Three sisters ages 92, 94 and 96 live in a house together. One night the 96 year old draws a bath.

She puts her foot in and pauses. She yells to the other sisters, "Was I getting in or out of the bath?"

The 94 year old yells back, "I don’t know. I’ll come up and see."

She starts up the stairs and pauses "Was I going up the stairs or down?" The 92 year old is sitting at the kitchen table having tea listening to her sisters.

She shakes her head and says, "I sure hope I never get that forgetful, knock on wood." She then yells, "I’ll come up and help both of you as soon as I see who’s at the door." :passout:
 
The Blonde
A blonde was very upset at all the dumb blonde jokes she was constantly hearing. She decided that she would learn all the state capitals in an effort to defend blondes everywhere. She went home and spent the entire evening learning them all.

The next day, someone at her office told a dumb blonde joke and she immediately retorted, "Hey, I bet I know something that all of you don't know. I know all of the state capitals which proves that not all blondes are dumb."

The people in her office were somewhat dubious. One of her co-workers finally asked, "Ok, what's the capital of Texas?"

The blonde smugly replied, "T." :passout:
 
The Wife's Birthday
A man asked his wife, "What would you most like for your birthday?"

She said, "I'd love to be ten again."

On the morning of her birthday, he got her up bright and early and they went to a theme park. He put her on every ride in the park - the Death Slide, The Screaming Loop, the Wall of Fear. She had a go on every ride there was.

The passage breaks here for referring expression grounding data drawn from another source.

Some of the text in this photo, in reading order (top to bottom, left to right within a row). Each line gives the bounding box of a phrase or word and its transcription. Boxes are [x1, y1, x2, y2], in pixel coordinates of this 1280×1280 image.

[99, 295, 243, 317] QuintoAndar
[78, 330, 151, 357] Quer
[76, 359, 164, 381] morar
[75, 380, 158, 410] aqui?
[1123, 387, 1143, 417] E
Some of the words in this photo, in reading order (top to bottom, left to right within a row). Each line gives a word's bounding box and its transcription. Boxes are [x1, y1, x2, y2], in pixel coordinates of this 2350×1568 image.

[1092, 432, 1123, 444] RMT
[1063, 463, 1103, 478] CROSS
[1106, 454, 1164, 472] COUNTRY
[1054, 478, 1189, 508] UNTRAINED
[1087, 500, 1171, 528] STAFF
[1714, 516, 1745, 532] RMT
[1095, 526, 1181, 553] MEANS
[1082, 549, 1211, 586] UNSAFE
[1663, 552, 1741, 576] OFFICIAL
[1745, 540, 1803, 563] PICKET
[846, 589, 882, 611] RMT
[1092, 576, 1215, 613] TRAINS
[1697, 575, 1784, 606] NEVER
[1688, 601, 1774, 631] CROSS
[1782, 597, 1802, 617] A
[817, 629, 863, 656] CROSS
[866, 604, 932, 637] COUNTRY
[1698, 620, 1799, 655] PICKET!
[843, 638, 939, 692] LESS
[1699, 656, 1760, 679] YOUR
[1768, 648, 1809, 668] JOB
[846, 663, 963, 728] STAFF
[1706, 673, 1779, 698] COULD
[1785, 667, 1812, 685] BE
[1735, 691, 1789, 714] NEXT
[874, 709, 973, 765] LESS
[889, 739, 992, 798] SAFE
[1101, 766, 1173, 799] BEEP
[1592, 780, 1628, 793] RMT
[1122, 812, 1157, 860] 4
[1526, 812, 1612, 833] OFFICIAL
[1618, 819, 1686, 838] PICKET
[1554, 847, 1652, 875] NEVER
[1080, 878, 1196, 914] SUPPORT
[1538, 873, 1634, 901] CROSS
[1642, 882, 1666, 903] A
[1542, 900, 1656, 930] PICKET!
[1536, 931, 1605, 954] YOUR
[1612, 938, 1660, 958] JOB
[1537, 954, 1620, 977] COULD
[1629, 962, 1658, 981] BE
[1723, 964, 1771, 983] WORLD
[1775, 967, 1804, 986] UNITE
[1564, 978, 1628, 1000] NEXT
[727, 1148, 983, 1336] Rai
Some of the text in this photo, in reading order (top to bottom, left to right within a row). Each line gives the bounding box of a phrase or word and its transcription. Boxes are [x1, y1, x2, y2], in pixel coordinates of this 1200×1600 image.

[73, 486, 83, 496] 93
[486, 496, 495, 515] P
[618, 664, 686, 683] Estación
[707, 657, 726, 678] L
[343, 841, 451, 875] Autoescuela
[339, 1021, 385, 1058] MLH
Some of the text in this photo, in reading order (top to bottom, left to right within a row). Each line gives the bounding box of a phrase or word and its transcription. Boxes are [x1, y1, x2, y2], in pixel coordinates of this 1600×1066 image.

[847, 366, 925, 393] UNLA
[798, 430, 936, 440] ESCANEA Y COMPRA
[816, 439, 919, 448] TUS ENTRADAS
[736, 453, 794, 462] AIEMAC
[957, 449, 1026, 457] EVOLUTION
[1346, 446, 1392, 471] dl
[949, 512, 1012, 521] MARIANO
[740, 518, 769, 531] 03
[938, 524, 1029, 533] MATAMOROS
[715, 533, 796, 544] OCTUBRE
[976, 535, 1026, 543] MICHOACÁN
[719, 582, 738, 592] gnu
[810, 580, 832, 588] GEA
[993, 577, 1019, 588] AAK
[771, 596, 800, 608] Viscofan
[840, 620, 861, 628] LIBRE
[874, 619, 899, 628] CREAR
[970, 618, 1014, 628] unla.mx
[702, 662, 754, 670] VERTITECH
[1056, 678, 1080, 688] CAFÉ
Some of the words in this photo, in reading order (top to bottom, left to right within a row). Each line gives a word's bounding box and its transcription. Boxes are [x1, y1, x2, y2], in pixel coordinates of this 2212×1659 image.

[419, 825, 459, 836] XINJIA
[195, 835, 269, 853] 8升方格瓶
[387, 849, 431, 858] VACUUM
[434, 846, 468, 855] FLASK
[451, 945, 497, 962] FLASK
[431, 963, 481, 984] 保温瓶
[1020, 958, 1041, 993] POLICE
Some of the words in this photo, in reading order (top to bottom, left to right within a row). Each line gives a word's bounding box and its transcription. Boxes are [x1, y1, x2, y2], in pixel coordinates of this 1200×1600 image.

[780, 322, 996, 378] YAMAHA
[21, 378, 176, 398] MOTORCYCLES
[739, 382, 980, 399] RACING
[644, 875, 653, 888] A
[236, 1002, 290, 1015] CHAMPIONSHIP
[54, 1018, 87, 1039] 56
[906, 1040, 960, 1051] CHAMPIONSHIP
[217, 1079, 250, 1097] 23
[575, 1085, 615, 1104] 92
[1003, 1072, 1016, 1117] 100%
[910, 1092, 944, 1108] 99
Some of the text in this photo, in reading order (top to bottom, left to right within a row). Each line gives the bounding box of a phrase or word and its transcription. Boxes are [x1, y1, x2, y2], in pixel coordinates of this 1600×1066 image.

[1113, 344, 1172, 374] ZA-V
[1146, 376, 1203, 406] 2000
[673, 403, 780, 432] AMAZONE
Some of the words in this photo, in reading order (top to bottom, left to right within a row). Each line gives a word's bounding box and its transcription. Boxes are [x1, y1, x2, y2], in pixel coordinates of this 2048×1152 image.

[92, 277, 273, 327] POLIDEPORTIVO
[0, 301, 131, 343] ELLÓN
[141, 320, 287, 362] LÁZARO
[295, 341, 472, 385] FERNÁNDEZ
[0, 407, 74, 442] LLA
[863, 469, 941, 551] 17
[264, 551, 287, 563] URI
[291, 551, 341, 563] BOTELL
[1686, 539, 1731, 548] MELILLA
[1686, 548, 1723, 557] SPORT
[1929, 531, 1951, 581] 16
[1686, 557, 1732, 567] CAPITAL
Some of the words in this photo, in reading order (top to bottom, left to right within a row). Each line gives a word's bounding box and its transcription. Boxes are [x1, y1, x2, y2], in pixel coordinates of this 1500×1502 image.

She staggered out of the theme park five hours later, her head reeling and her stomach turning.

Then off to a movie theater, popcorn, cola and sweets.

At last she staggered home with her husband and collapsed into bed.

Her husband leaned over and asked, "Well, dear, what was it like being ten again?"

One eye opened and she groaned, "Actually, honey, I meant dress size!":passout:
 
Zoo Performer
One day an out of work mime is visiting the zoo and attempts to earn some money as a street performer.

However, as soon as he starts to draw a crowd, the zookeeper grabs him and drags him into his office.

The zookeeper explains to the mime that the zoo's most popular attraction, a gorilla, has died suddenly. The keeper fears that attendance at the zoo will fall off. He offers the mime a job to dress up as the gorilla until they can get another one. The mime accepts.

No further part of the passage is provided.